Persönliche Reflexion (Seite 147)

  • Gibt es alltägliche Aufgaben, Verrichtungen und Erlebnisse, die für Sie zu kleinen Sinnantworten werden?
  • Welche gegenwärtigen Aktivitäten machen für Sie besonders Sinn?
  • Worin erleben Sie ihr gegenwärtiges Tun für andere bedeutsam?
  • Erkennen Sie im Rückblick auf ihr Leben so etwas wie einen roten Sinnfaden, der Ihr Leben durchzieht?

Abschiedlich leben

Der Theologe Fulbert Steffensky schreibt: «Abdanken ist ein schönes altes Wort. Es heisst, sich mit Dank verabschieden, sich selber und die eigene Weise, den andern nicht als Diktat hinterlassen, nicht erwarten, dass sie uns ähnlich sind. Abdanken – das heisst, sich nicht in Bitterkeit und Resignation abwenden, sondern mit Schmerz und in Heiterkeit zugeben, dass unsere Kinder und Kindeskinder ihre eigenen Wege gehen, so wie wir sie früher gegangen sind. Unsere Kinder sind nicht dazu da, uns selber fortzusetzen. Abdanken zu können ist ein Stück Gewaltlosigkeit, die uns Alte schöner macht und die bewirkt, dass unsere Nachkommen mit Güte und Zärtlichkeit an uns denken können.» Das wünsche ich mir, dass meine Nachkommen in Güte und Zärtlichkeit an mich denken. Erleben werde ich es nicht mehr, aber hoffen kann ich es.

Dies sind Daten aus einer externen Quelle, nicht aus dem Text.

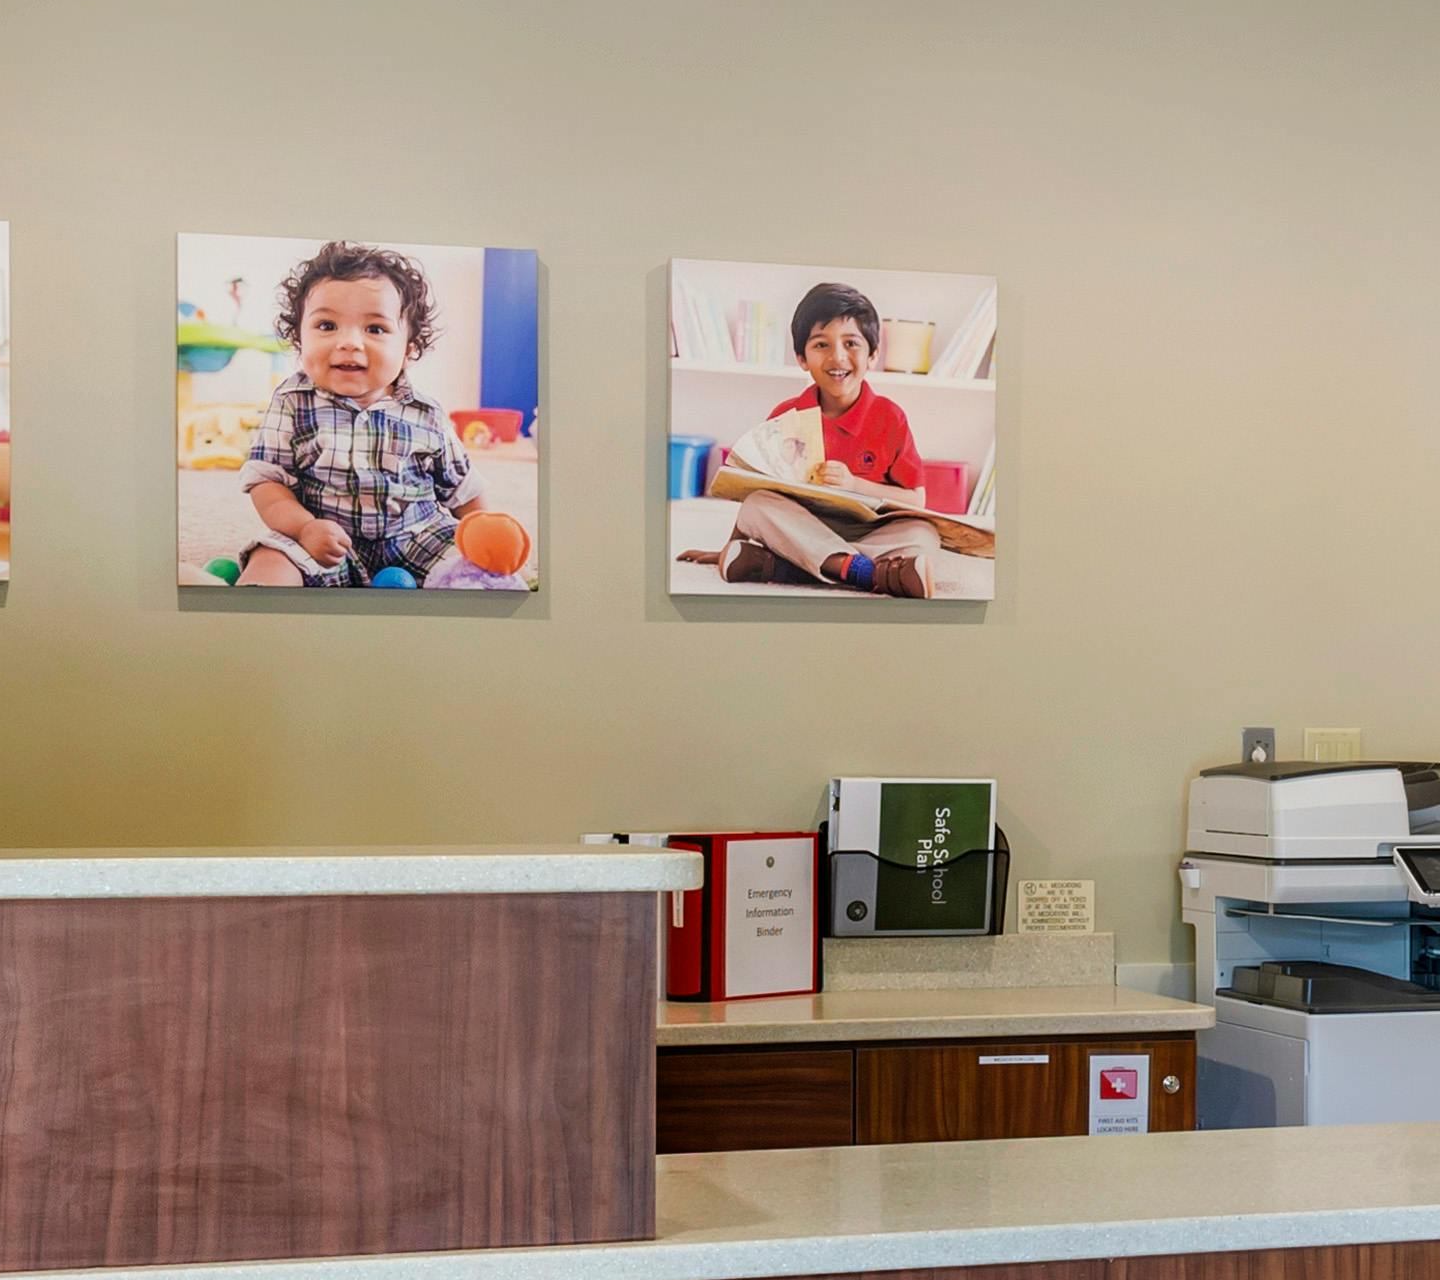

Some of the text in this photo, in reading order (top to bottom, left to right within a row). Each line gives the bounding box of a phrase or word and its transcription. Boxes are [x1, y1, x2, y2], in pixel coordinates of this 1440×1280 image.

Fazit: Die Lebenskunst des Alterns gilt es immer wieder neu zu lernen, im Sinne von «Pro Aging» seine Möglichkeiten und Herausforderungen positiv zu nutzen, anstatt dem Anti-Aging-Trend nachzulaufen.

  • Heinz Rüegger: Lebenskunst des Alterns
  • Gerontologische und theologische Aspekte
  • Theologischer Verlag Zürich 2022, ISBN 978-3-290-18531-2
  • Dieses Buch ist in der Landesbibliothek erhältlich.